Yeah. You know, oh shucks, I have to, you know, defer more money, but you know, you have to work on cash flow. And that’s what he’s talking about. Like, I could do it, but I don’t wanna be that frugal. And what he’s boiled down to here is the difference between a 4 0 3 B and a 4 57. Really the biggest difference is, like you mentioned, the liquidity in terms of the penalty free access.
If it’s pre-tax account, you’re always gonna pay taxes on it. When it comes out, it’s just whether or not you pay a penalty on when it comes out before 59 and a half, there’s a 10% penalty after 59 and a half. There’s not for a 4 0 3 B for a 4 57, no 10% penalty as long as you retire. So to his point, it offers a little bit more liquidity.
The downside is that that 4 57 isn’t your money, it’s the organization’s money. So if they go belly up or get sued or whatever, it’s part of the organization’s assets and could be taken away and no one thinks that it’s gonna happen. I can’t think of an example in which it has because it’s usually government entities or public school systems or whatever, but I can think of scenarios that it could happen.

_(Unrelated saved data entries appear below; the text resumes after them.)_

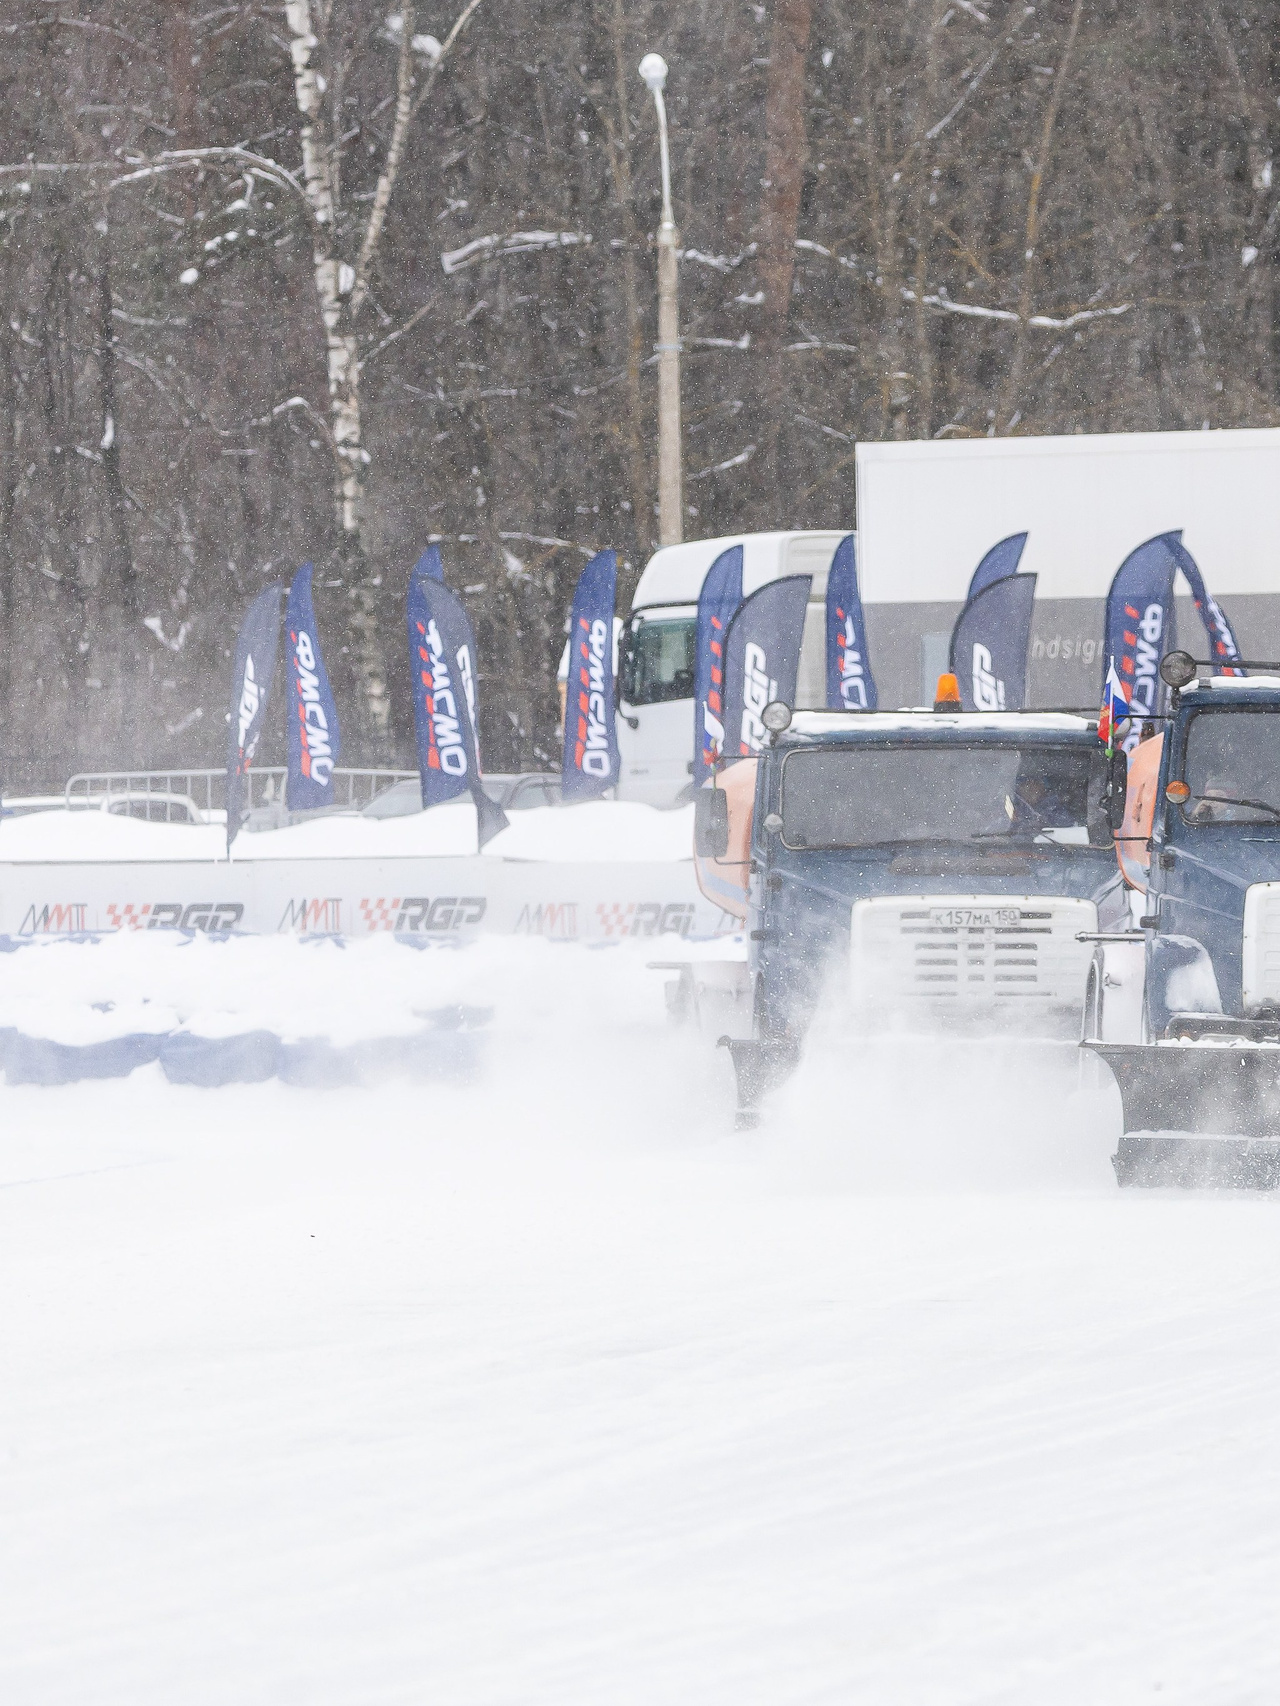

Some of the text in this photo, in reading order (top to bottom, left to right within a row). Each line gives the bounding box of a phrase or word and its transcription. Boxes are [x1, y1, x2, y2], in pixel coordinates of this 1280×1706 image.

[972, 643, 998, 711] GP
[149, 903, 243, 931] RGP
[395, 897, 487, 931] RGP
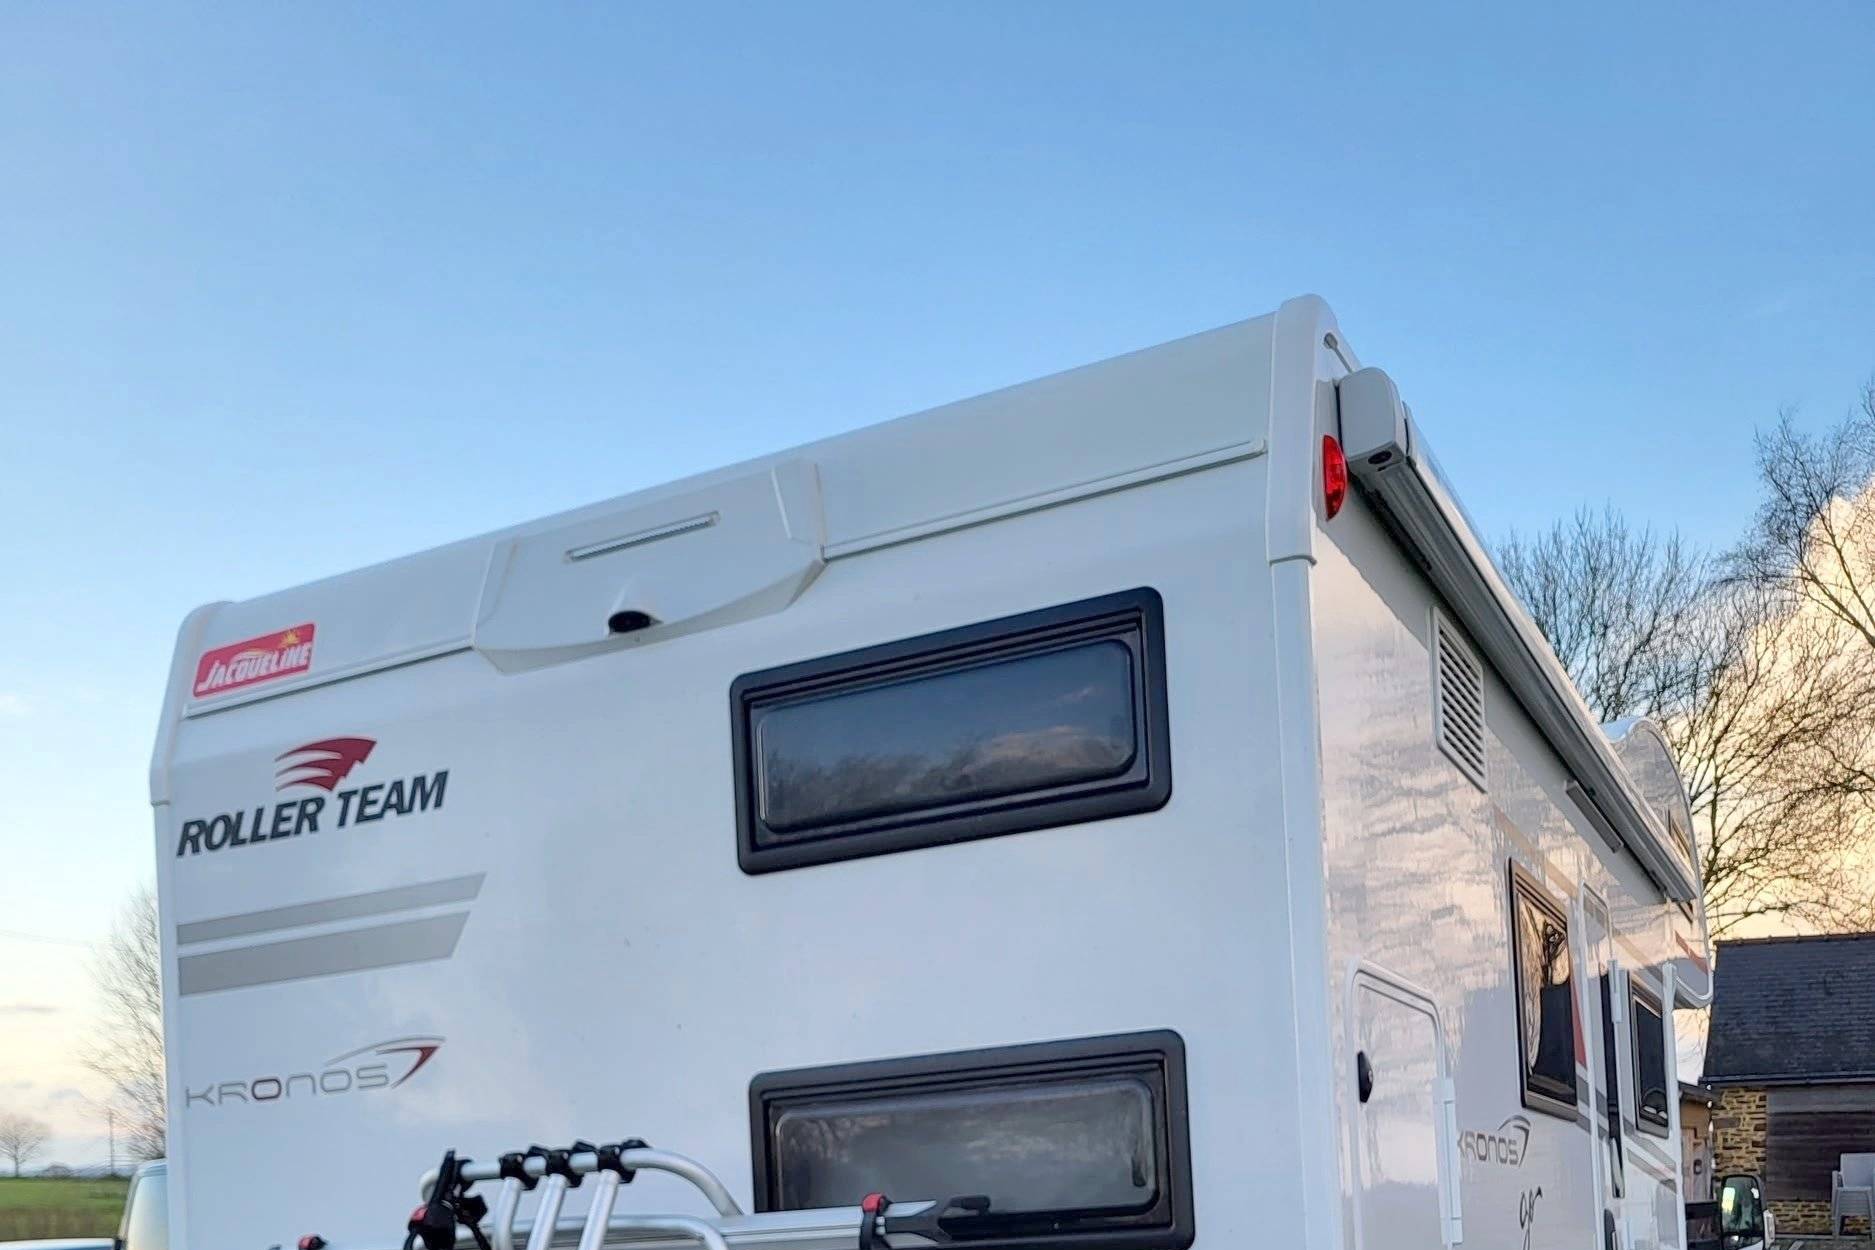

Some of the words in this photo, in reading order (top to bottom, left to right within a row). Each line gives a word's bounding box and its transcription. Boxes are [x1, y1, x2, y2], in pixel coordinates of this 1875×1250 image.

[177, 797, 325, 857] ROLLER
[337, 770, 449, 828] TEAM
[186, 1063, 389, 1108] KRONOS
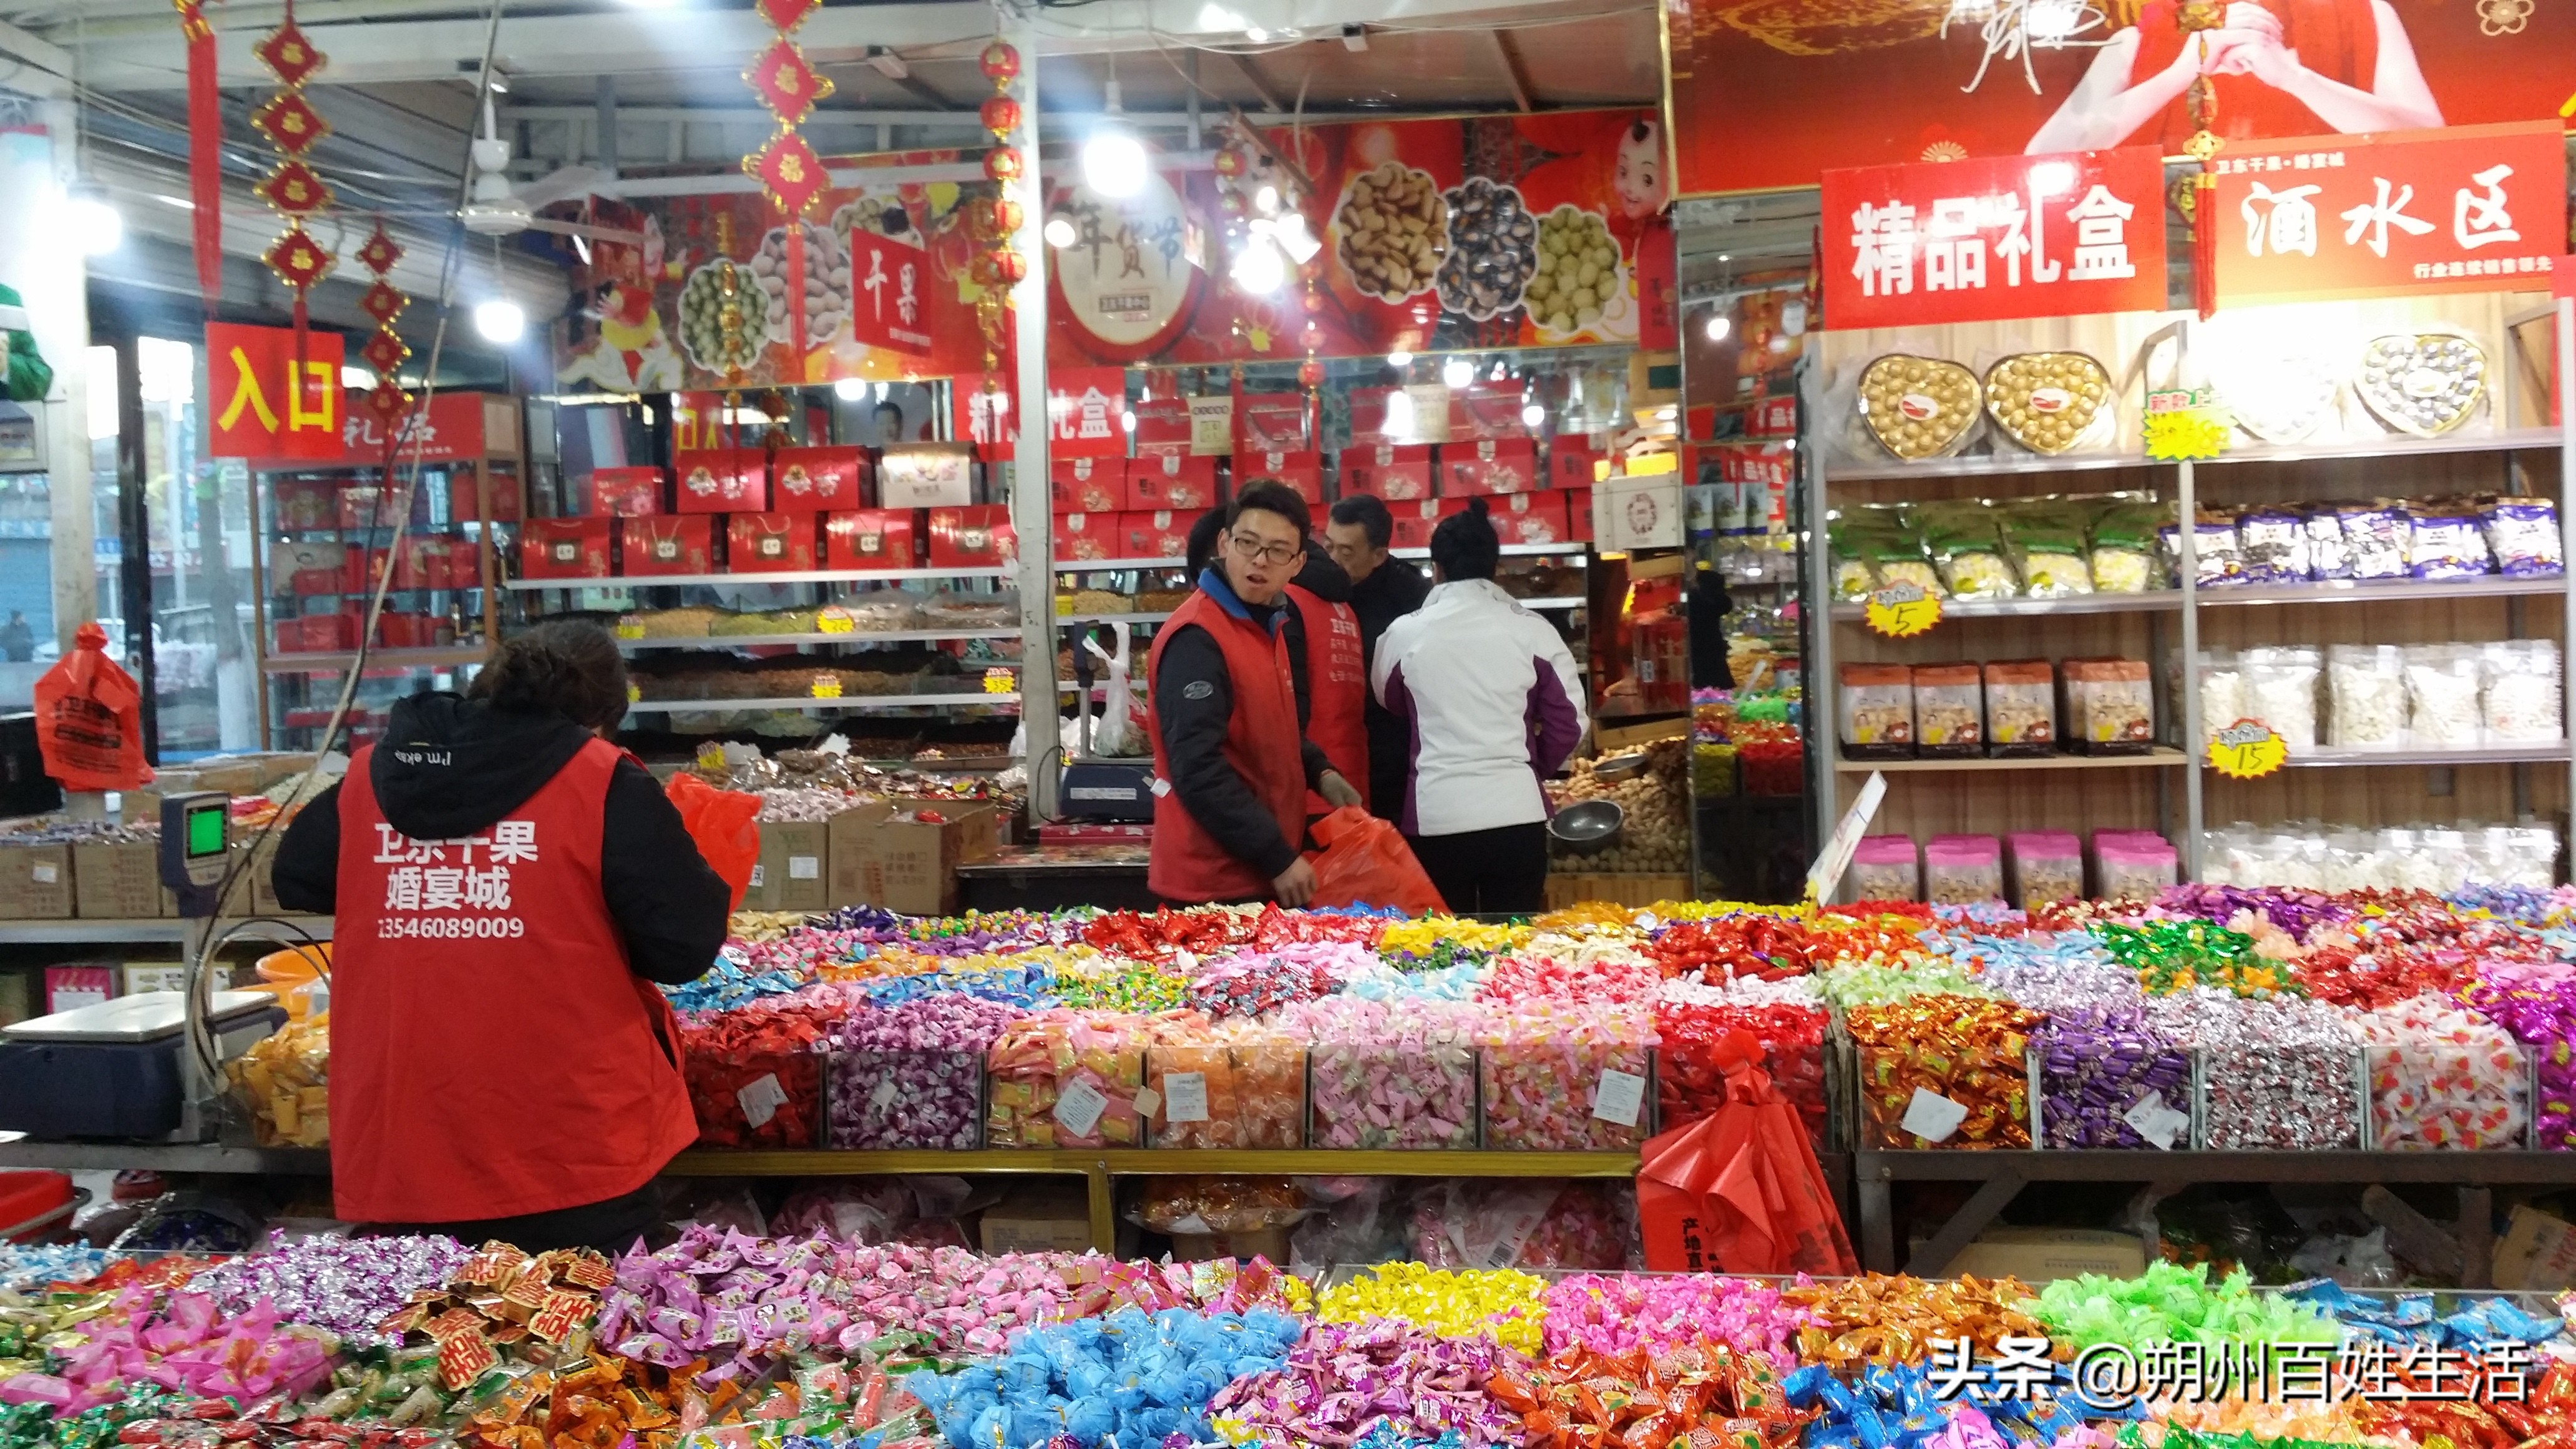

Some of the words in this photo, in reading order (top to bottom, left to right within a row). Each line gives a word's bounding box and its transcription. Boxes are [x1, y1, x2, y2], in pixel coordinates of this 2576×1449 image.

[2241, 163, 2522, 258] 酒水区
[1852, 183, 2136, 297] 精品礼盒
[218, 346, 335, 434] 入口
[1895, 606, 1918, 633] 5
[2238, 744, 2266, 769] 15
[385, 865, 512, 910] 婚宴城
[378, 917, 524, 939] 13546089009
[1682, 1216, 1704, 1272] 产地直

There was a viciously awful school shooting in Texas several years ago. Such that they just, you know, shut the school down. They, they demolished the school. And it became news again here lately in Texas and maybe nationally because the, the feds finally released their report and there’s all these failures of the first responders to, to do what they’re supposed to do.
And now you’re seeing a lot of lawsuits being added to the already big lawsuit calendar, you know, with the people in charge and the school district and that sort of thing. This is not gonna be an inexpensive settlement, and it shouldn’t be. But if you’ve got a 4 57 as part of that school district, that money is part of the school district money.
You know? So I can see scenarios, I haven’t seen it yet, but I can see scenarios where this money could be affected by outside influences. So you have to know that that’s what you’re getting into.
Well, here’s, here’s the question. You know, he likes the 4 57 better than the 4 0 3 B because of his, uh, flexibility.
But is the 4 0 3 B completely inflexible? If he decides to go early, can he still get at some of that money?
Yeah, I mean, ultimately you can always get your retirement money without a penalty if you’re actually retiring. So the IRS doesn’t care that you take your money out of your retirement accounts.
They care that you take it out when you’re not supposed to. So if you’re retiring, you’re 45 and you’re like, no, I’m retired. There’s a provision for how to take money out of your workplace plans without a penalty because you’re retired. There is the ability to do it. It’s a lot less paperwork to do it out of 4 57.
The last thing I would say about it is this. Usually the investment choices or the investment companies between these two are vastly different. 4 0 3 Bs habitually annuity products, generally speaking doesn’t make ’em bad, but does make them a little bit more expensive. Four 50 sevens are generally mutual fund products.
Doesn’t make ’em bad. Generally a little bit more expensive than, you know, an ETF, low-cost portfolio. So I think that’s another consideration here is to look and see. I. Which investments select which pool has a better cost profile because they’re both probably gonna suck, but you have to figure out which one sucks less.
I think personally because of the liability issue, all things being equal, I would probably lean on the 4 0 3 B because it’s my money. I don’t ever have to worry about it going away for some obscure reason. And if I do retire before 59 and a half, I can have access to it with a little bit of paperwork that doesn’t scare me.
So given the choice I take 4 0 3 B uh, if everything else was about the same.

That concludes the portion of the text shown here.